In Cookies Carmen (played well by Jace Nicole) is engaged in a variety of sex work: porn, web cams, and perhaps other activities in that arena. Pretty quickly we learn that Carmen has a child - story of the father is not told - and is seeking a "normal" guy (a guy who is not heavily into porn & the sex-for-money world I guess, or at least not into her because she is in porn) AND is cool with the way that she makes money. One of Carmen's close friends who is also in the same line of work does seem to have a "normal" boyfriend who supports what she does for a living. Without giving away details that would reveal how the story ends, we see Carmen deal with 2 potential partners in the course of the movie. And, Cookies distinguishes itself from most recent DIY movies about 20-30 somethings by bringing in Carmen's parents into the story.
Though sex work is the character's occupation, this is not a sexually explicit - at least not visually - movie.
One problem I had with the movie - I know reviewers are supposed to deal with what is actually on the screen, but, as it was the case for me I am sure it will be the case for at least a few others - was that if the central dilemma of the main character is finding a "nice" guy, why doesn't she quit the porn biz? I talked with a few audience members who saw Cookies with me at the Sexy International Film Festival this past Saturday about this issue and most of them were not concerned with that question. Some of them had filled in the missing information on their own as to why Carmen does not give up porn in order to find the "right" man. So perhaps this question would not get in the way of most people in their attempt to enjoy Cookies. I would have liked to see more details - how & why did Carmen get into sex work/porn biz?
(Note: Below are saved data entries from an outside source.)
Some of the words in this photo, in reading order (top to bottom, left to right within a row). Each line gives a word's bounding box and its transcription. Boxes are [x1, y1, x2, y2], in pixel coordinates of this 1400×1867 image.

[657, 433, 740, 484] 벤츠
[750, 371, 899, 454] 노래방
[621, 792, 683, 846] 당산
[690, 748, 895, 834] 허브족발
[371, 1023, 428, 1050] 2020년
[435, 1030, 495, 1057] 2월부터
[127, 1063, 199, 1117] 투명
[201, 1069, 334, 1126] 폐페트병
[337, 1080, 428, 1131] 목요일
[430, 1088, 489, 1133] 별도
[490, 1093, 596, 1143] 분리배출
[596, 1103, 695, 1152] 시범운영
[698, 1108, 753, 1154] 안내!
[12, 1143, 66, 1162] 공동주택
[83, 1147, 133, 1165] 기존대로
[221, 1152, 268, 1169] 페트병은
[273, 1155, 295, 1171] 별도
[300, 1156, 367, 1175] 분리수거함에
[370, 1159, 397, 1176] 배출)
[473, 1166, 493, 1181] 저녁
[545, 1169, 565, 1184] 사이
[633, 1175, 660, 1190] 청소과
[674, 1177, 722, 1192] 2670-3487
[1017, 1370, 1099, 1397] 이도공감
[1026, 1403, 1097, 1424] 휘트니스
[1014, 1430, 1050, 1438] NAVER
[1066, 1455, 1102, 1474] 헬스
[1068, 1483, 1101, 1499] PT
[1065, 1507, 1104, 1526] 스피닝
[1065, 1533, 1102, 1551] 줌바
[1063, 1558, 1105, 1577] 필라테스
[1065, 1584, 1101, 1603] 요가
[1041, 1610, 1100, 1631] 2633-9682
What exactly is keeping her from finding a job in another industry that is less controversial/would not be an obstacle towards building the desired romantic relationship? But, these questions that I had may be beside the point - since the film declares in the beginning that the character wants to both keep doing what she does for a living AND wants to find a guy who treats what she does as just another job (even though it isn't). I believe the film does succeed in creating a story that seems realistic for a character who has what I think is a relatively impossible goal. In the end, I would also have liked to have seen exactly how the path the character chose as the answer to her dilemma came together.
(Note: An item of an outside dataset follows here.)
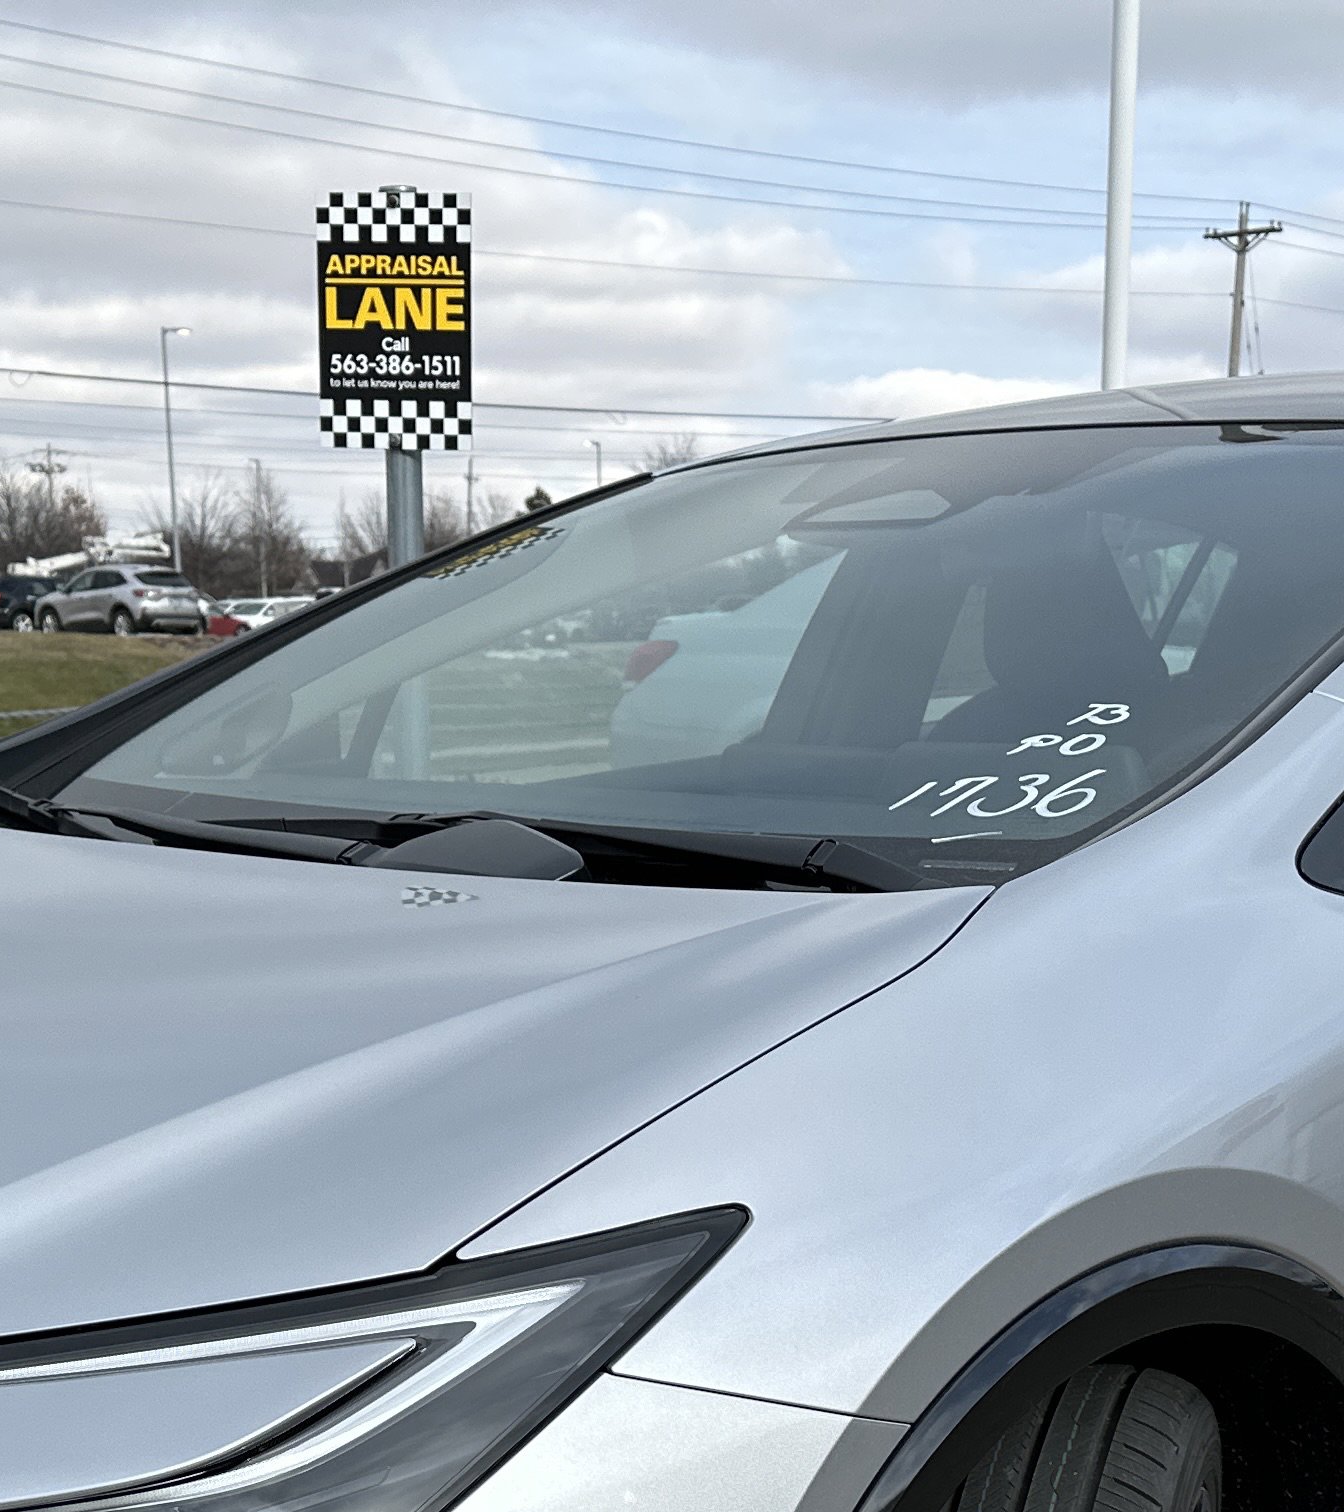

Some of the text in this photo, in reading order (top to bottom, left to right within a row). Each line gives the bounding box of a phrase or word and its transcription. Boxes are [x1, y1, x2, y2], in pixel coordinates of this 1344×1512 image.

Holt & Nicole do succeed very well in creating an intriguing main character. Cookies captures Carmen during one very interesting period in her life, but it did seem that there is a lot more to the character, and that the character will live on outside the final scene - I guess what I mean is that the character seemed like a real person even though her goal & circumstances were unusual/not similar to people I know well.
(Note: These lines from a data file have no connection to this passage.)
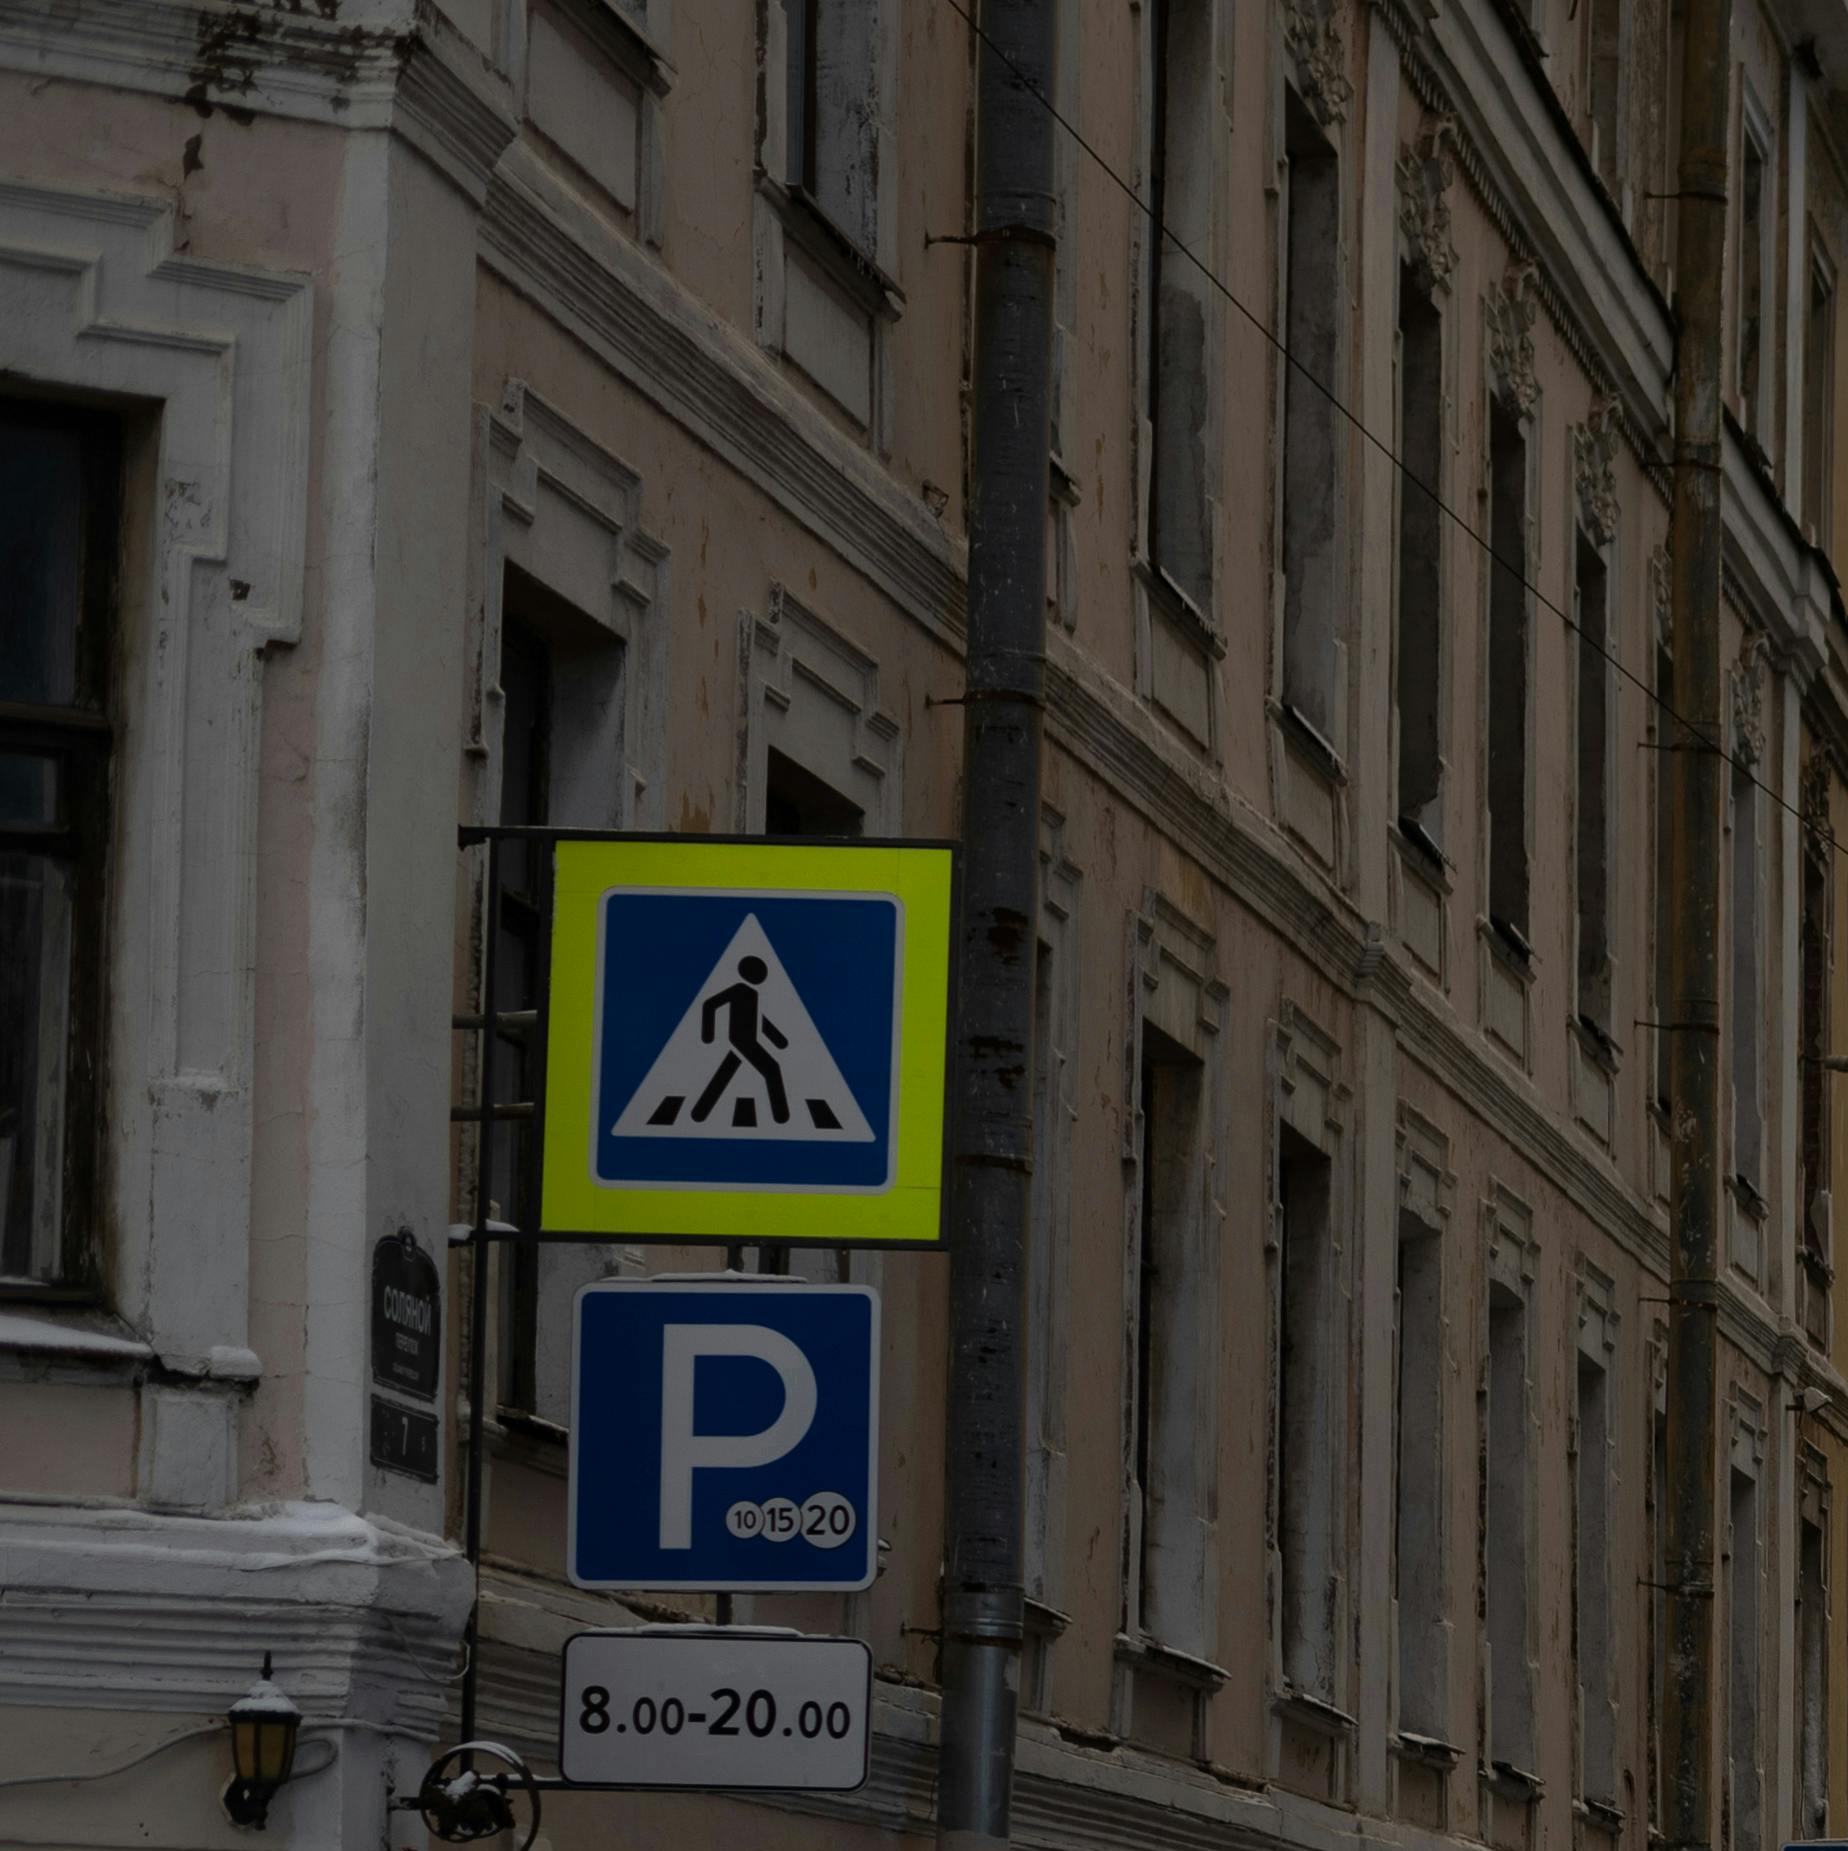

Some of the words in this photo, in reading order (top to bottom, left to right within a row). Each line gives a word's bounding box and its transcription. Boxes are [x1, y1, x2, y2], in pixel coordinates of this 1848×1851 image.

[383, 1285, 432, 1337] СОЛЯНОЙ
[659, 1323, 818, 1550] P
[735, 1510, 757, 1529] 10
[767, 1507, 794, 1532] 15
[806, 1505, 850, 1535] 20
[579, 1685, 850, 1739] 8.00-20.00
One aspect of the movie that I did enjoy a lot is the "post-racial" nature of the film. Cookies reflects the ethnic diversity that one sees in New York City.
Being a huge fan of NYC, I also enjoyed the beautiful shots of the city - there are many in the film. One of my favorites being a lengthy shot at a park where Carmen & a new guy that she met can be heard talking on a date long before we see their exact place in the frame - the shot felt like a painting - in a positive way.
I believe there is the potential for a significant commercial life - lots of DVD sales, cable, maybe theatrical - for Cookies, since the movie is a very interesting character driven drama with a unique protagonist - portrayed well - and the film deals with sex as work & sex as a commodity. Also, it is possible that many audience members will sympathize with the lead character & will even be able to relate to her since - specifics of her dilemma aside - she is attempting to secure a unique outcome from a difficult situation - something many of us are engaged in, sometimes on a daily basis.
For people who enjoy art/indie/foreign movies and are excited about the filmmaking revolution that has been possible due to the use of digital video, and for those who appreciate seeing the multi-ethnic nature of the real world being reflected in cinema, Cookies & Cream is a must see.